En plus d’être inéquitablement répartie, la croissance économique a une dimension irréductiblement matérielle : davantage de voitures, de gratte-ciel, d’appareils électroniques, etc. Comme les ressources sont intrinsèquement limitées, toute forme de croissance dite verte est forcément une équation insoluble. Ne nous laissons pas berner : la transition ne peut pas se réduire à une transition technique au sein d’un système capitaliste, visant à basculer des énergies fossiles vers des sources d’énergie dites renouvelables. La transition ne peut consister en un simple changement d’huile. Une réorganisation en profondeur de nos sociétés s’impose afin de satisfaire les besoins et respecter les droits de toutes et tous dans le respect des limites planétaires.
C’est là un puissant argument en faveur d’une démocratisation de l’économie, qui doit aller de pair avec la transition écologique. Combattre la crise écologique et l’immobilisme des élites implique de lutter pour davantage de réelle participation démocratique, y compris en matière économique. Plusieurs pensent ainsi que la planification démocratique de l’économie est la meilleure façon d’alléger la pression de l’activité humaine sur les écosystèmes. Une transition non démocratique risque de se traduire par un maintien des rapports de pouvoir préexistants et conséquemment au maintien de bilans catastrophiques en matière de droits de la personne et d’écologie.

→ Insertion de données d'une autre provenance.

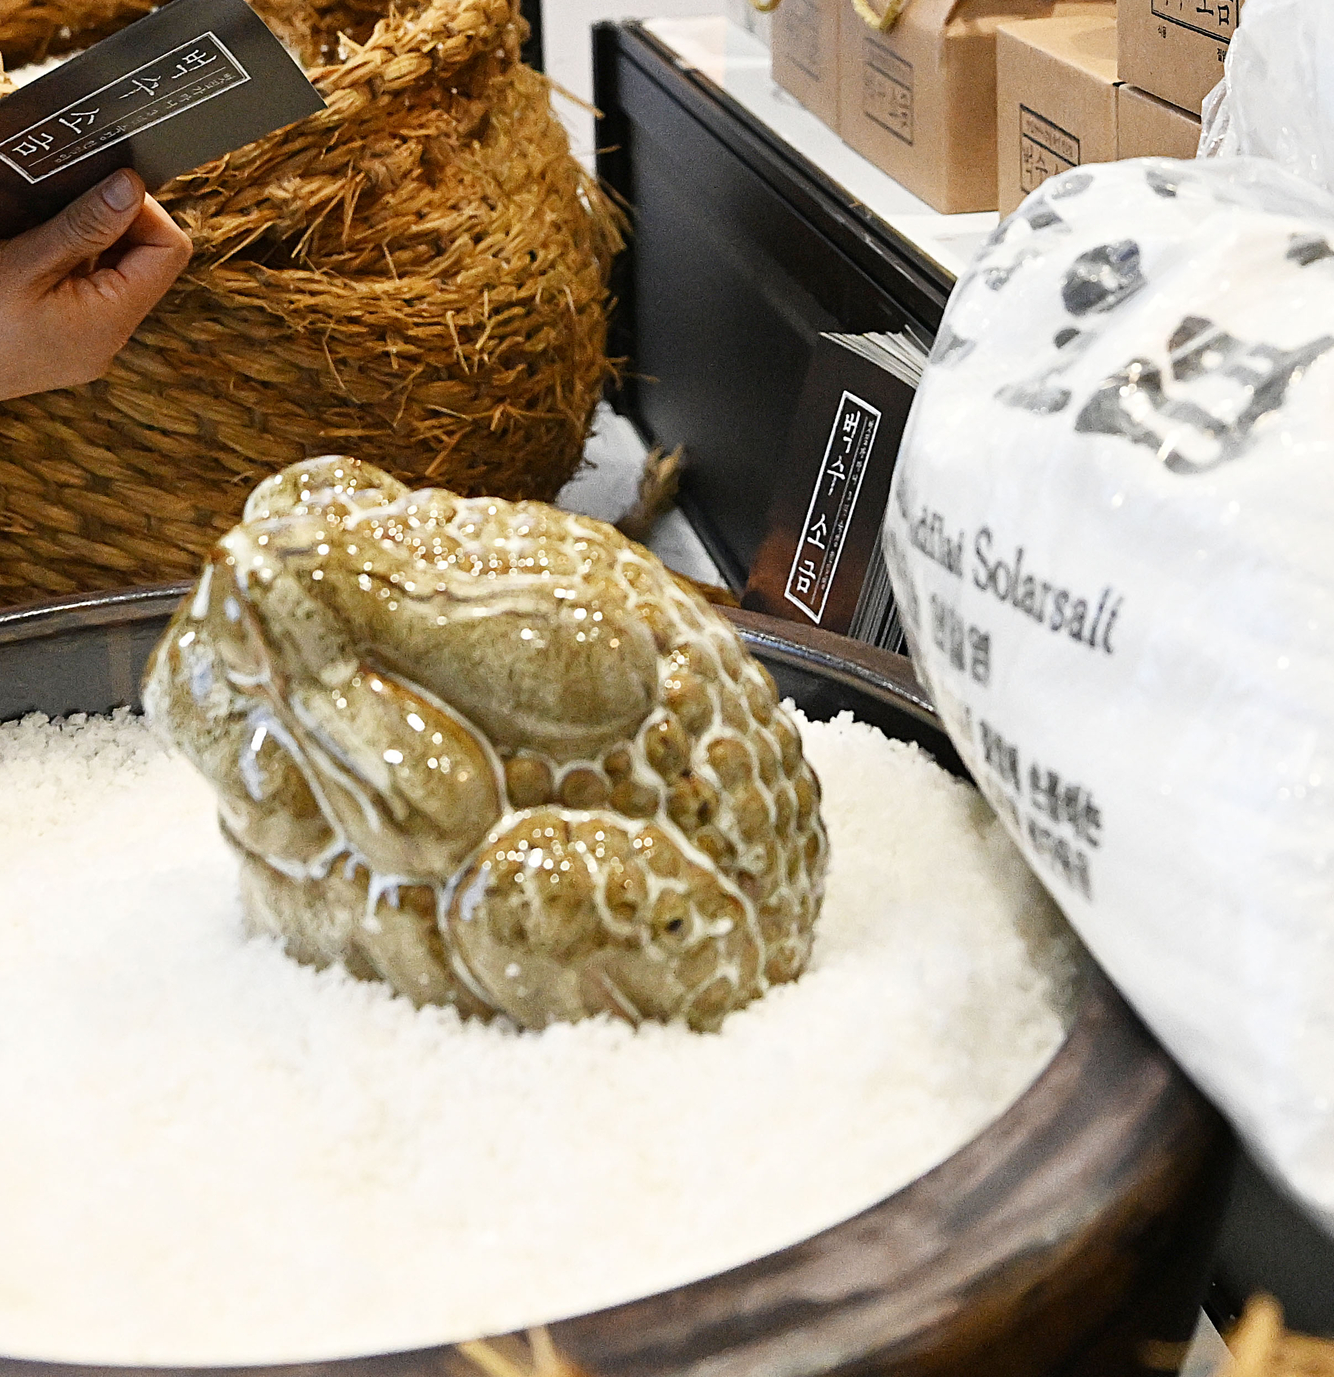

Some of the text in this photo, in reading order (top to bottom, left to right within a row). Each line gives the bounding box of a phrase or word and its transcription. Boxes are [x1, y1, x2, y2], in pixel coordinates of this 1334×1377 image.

[11, 48, 218, 157] 벅수 소금
[794, 409, 862, 594] 벅수 소금
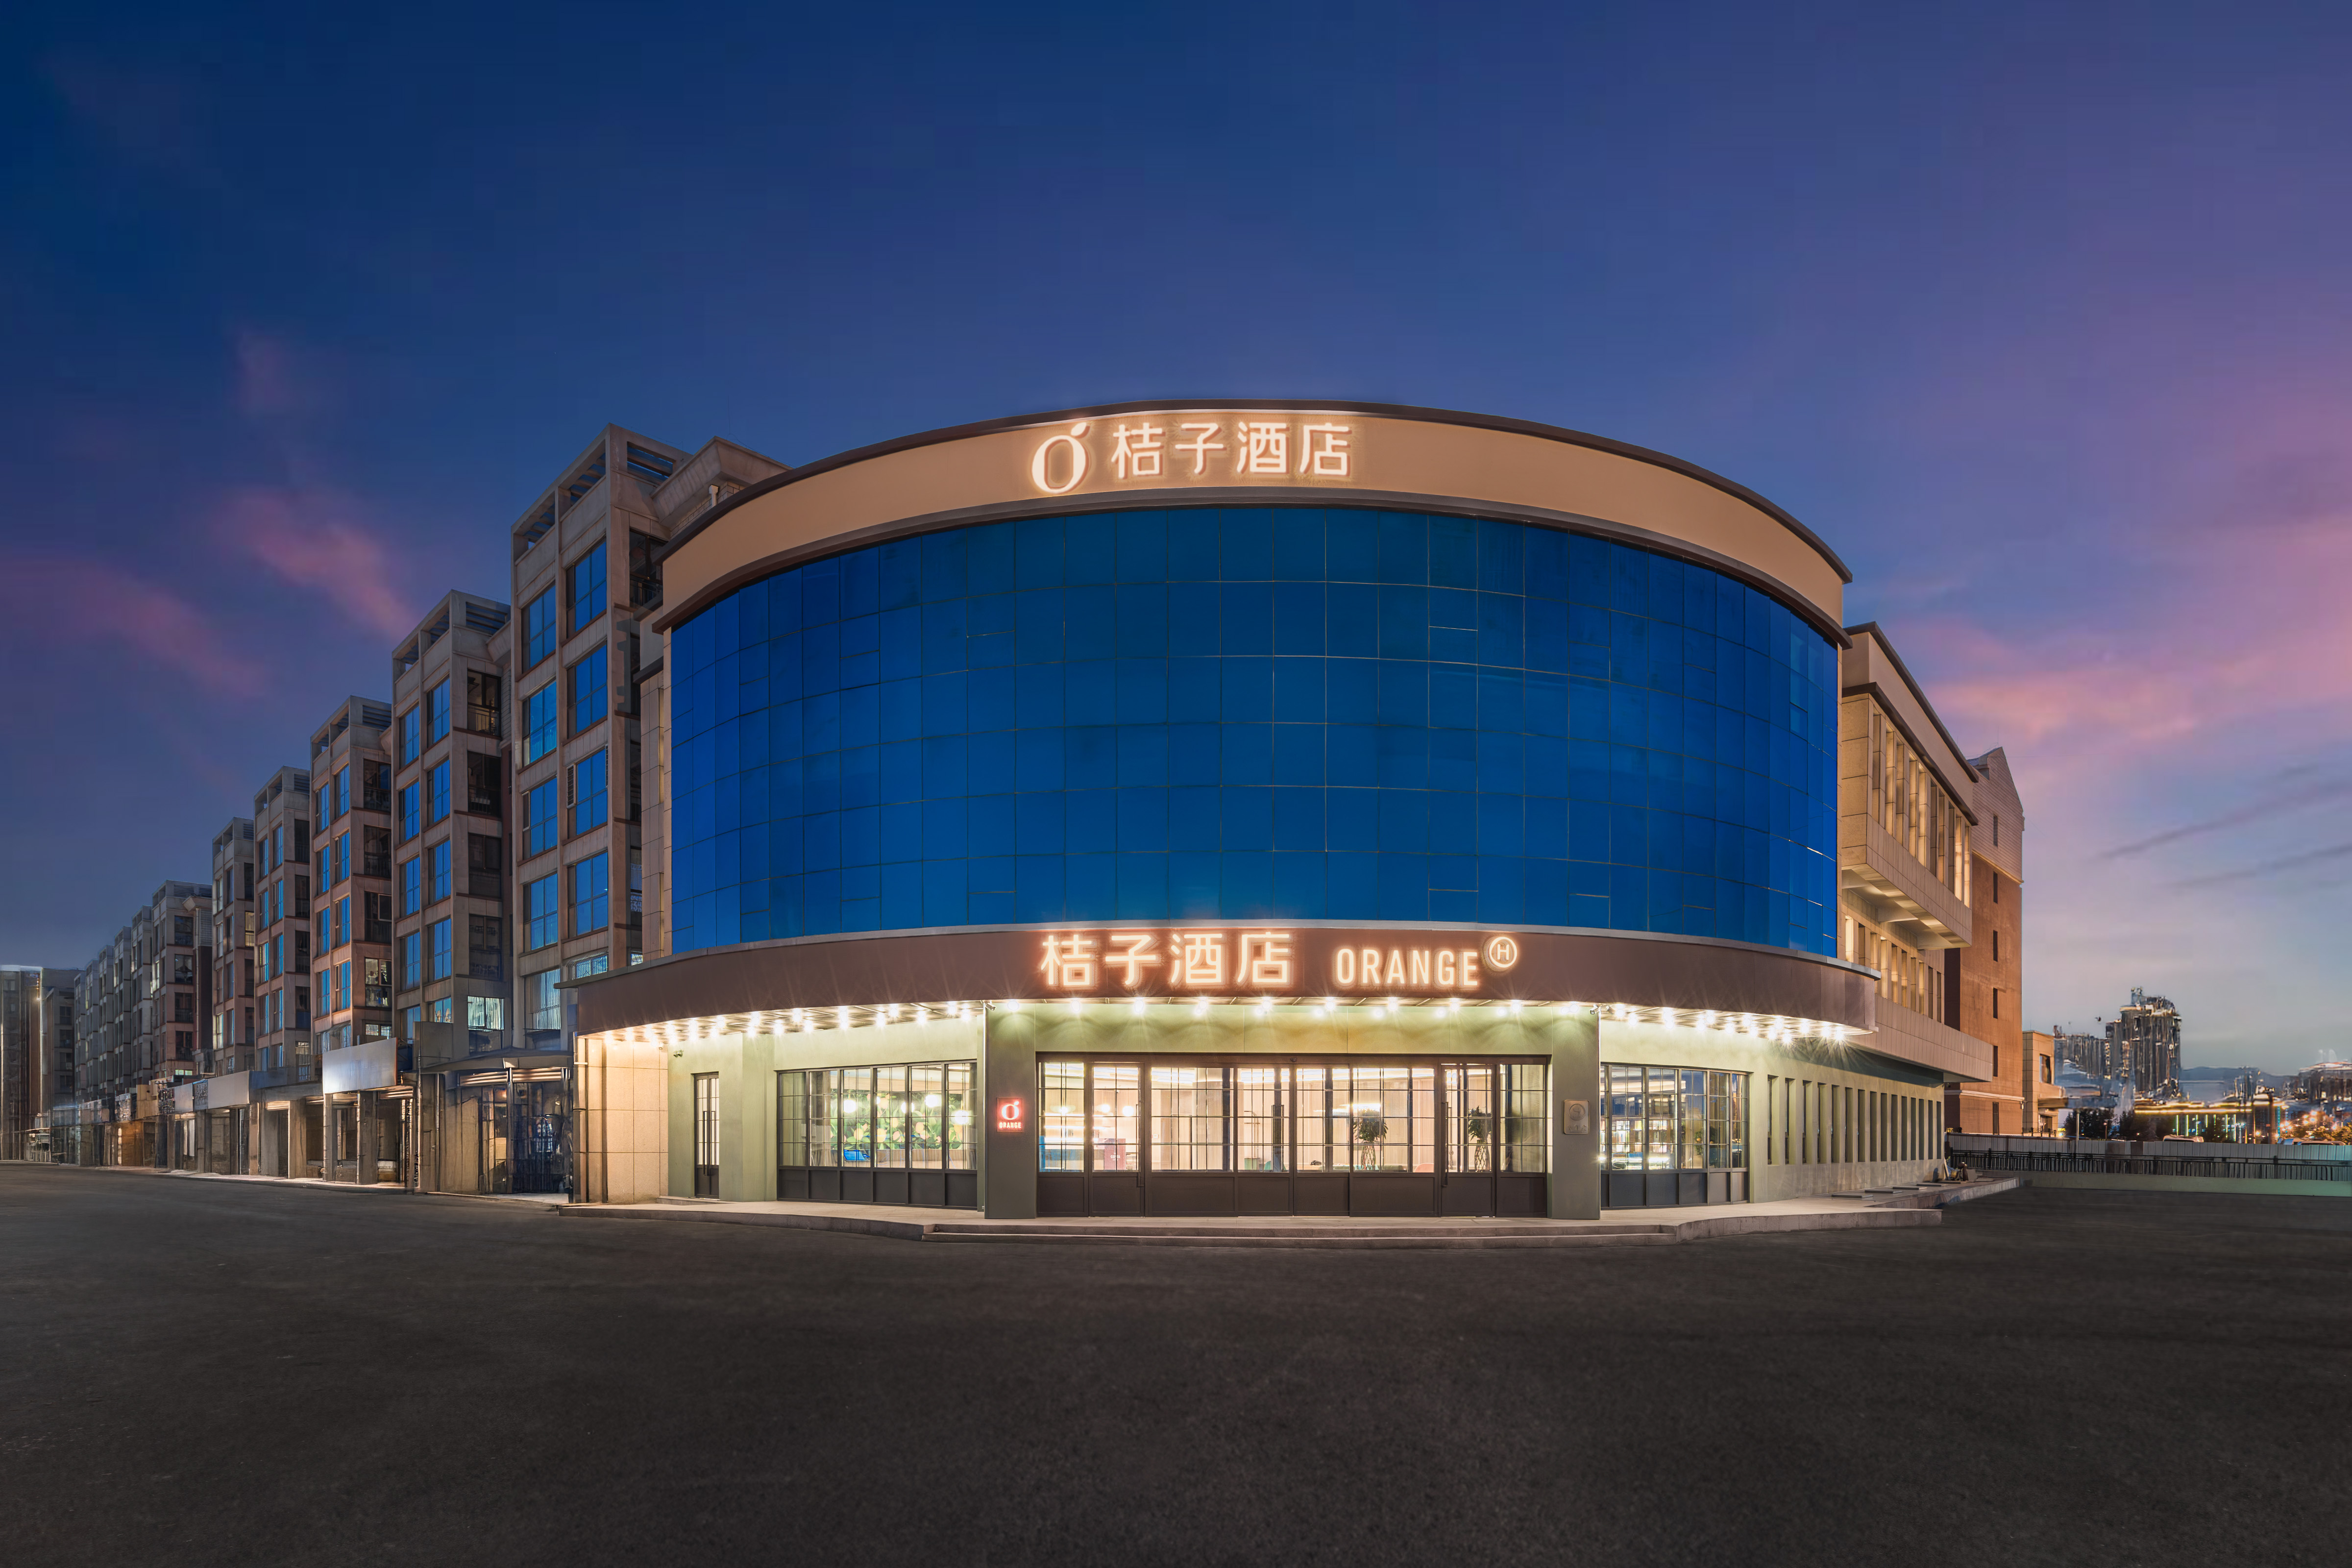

Dans les années à venir, les mouvements sociaux devront demeurer à l’affût pour préserver les espaces de participation démocratique qui existent et lutter pour les élargir. L’urgence climatique ne doit surtout pas servir de prétexte à des reculs démocratiques ou la suspension de certains droits et libertés, alors que la démocratie est plus nécessaire que jamais pour défendre les droits de la personne.